** RAW DATA **
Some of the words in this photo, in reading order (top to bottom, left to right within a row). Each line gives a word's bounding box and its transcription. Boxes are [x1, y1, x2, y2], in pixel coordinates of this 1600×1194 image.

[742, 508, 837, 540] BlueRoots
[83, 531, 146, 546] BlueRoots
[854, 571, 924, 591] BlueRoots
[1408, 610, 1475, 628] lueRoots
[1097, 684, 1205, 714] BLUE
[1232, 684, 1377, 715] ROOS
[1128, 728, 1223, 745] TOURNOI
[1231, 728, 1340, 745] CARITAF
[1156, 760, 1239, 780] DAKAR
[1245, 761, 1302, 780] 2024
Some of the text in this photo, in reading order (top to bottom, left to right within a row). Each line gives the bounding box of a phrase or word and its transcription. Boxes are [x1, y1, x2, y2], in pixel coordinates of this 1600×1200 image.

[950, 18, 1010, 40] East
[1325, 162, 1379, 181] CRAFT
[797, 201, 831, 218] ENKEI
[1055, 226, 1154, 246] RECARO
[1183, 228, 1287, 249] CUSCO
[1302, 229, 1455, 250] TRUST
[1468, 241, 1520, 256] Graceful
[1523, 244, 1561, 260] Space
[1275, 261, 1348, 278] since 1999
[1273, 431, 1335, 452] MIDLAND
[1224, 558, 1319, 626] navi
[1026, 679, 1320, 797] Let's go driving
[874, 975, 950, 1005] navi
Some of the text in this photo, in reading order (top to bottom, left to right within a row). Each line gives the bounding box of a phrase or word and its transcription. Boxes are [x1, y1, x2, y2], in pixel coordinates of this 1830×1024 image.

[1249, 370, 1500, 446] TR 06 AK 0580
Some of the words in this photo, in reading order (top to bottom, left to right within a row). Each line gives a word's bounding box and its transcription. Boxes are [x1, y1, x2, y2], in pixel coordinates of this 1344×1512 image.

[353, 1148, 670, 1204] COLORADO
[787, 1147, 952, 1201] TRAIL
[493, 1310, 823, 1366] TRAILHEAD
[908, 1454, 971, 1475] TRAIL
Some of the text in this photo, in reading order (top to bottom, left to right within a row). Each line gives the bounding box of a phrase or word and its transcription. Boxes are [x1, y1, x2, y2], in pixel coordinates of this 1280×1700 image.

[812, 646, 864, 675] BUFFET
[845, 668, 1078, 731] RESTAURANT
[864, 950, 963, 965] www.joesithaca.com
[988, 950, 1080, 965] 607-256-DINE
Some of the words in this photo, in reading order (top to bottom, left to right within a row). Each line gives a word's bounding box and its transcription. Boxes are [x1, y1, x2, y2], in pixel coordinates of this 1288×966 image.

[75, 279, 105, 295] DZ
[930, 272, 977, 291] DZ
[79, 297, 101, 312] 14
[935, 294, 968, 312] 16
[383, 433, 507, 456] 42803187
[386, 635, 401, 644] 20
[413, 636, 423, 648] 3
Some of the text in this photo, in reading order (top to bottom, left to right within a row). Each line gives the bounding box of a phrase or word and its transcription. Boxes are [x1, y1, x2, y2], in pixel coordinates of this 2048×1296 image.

** WORK INSTRUCTIONS **
Copy the records above, keeping every word the same.

** EXERCISE RESPONSE **
Some of the words in this photo, in reading order (top to bottom, left to right within a row). Each line gives a word's bounding box and its transcription. Boxes are [x1, y1, x2, y2], in pixel coordinates of this 1600×1194 image.

[742, 508, 837, 540] BlueRoots
[83, 531, 146, 546] BlueRoots
[854, 571, 924, 591] BlueRoots
[1408, 610, 1475, 628] lueRoots
[1097, 684, 1205, 714] BLUE
[1232, 684, 1377, 715] ROOS
[1128, 728, 1223, 745] TOURNOI
[1231, 728, 1340, 745] CARITAF
[1156, 760, 1239, 780] DAKAR
[1245, 761, 1302, 780] 2024
Some of the text in this photo, in reading order (top to bottom, left to right within a row). Each line gives the bounding box of a phrase or word and its transcription. Boxes are [x1, y1, x2, y2], in pixel coordinates of this 1600×1200 image.

[950, 18, 1010, 40] East
[1325, 162, 1379, 181] CRAFT
[797, 201, 831, 218] ENKEI
[1055, 226, 1154, 246] RECARO
[1183, 228, 1287, 249] CUSCO
[1302, 229, 1455, 250] TRUST
[1468, 241, 1520, 256] Graceful
[1523, 244, 1561, 260] Space
[1275, 261, 1348, 278] since 1999
[1273, 431, 1335, 452] MIDLAND
[1224, 558, 1319, 626] navi
[1026, 679, 1320, 797] Let's go driving
[874, 975, 950, 1005] navi
Some of the text in this photo, in reading order (top to bottom, left to right within a row). Each line gives the bounding box of a phrase or word and its transcription. Boxes are [x1, y1, x2, y2], in pixel coordinates of this 1830×1024 image.

[1249, 370, 1500, 446] TR 06 AK 0580
Some of the words in this photo, in reading order (top to bottom, left to right within a row). Each line gives a word's bounding box and its transcription. Boxes are [x1, y1, x2, y2], in pixel coordinates of this 1344×1512 image.

[353, 1148, 670, 1204] COLORADO
[787, 1147, 952, 1201] TRAIL
[493, 1310, 823, 1366] TRAILHEAD
[908, 1454, 971, 1475] TRAIL
Some of the text in this photo, in reading order (top to bottom, left to right within a row). Each line gives the bounding box of a phrase or word and its transcription. Boxes are [x1, y1, x2, y2], in pixel coordinates of this 1280×1700 image.

[812, 646, 864, 675] BUFFET
[845, 668, 1078, 731] RESTAURANT
[864, 950, 963, 965] www.joesithaca.com
[988, 950, 1080, 965] 607-256-DINE
Some of the words in this photo, in reading order (top to bottom, left to right within a row). Each line gives a word's bounding box and its transcription. Boxes are [x1, y1, x2, y2], in pixel coordinates of this 1288×966 image.

[75, 279, 105, 295] DZ
[930, 272, 977, 291] DZ
[79, 297, 101, 312] 14
[935, 294, 968, 312] 16
[383, 433, 507, 456] 42803187
[386, 635, 401, 644] 20
[413, 636, 423, 648] 3
Some of the text in this photo, in reading order (top to bottom, left to right within a row). Each line gives the bounding box of a phrase or word and its transcription. Boxes are [x1, y1, x2, y2], in pixel coordinates of this 2048×1296 image.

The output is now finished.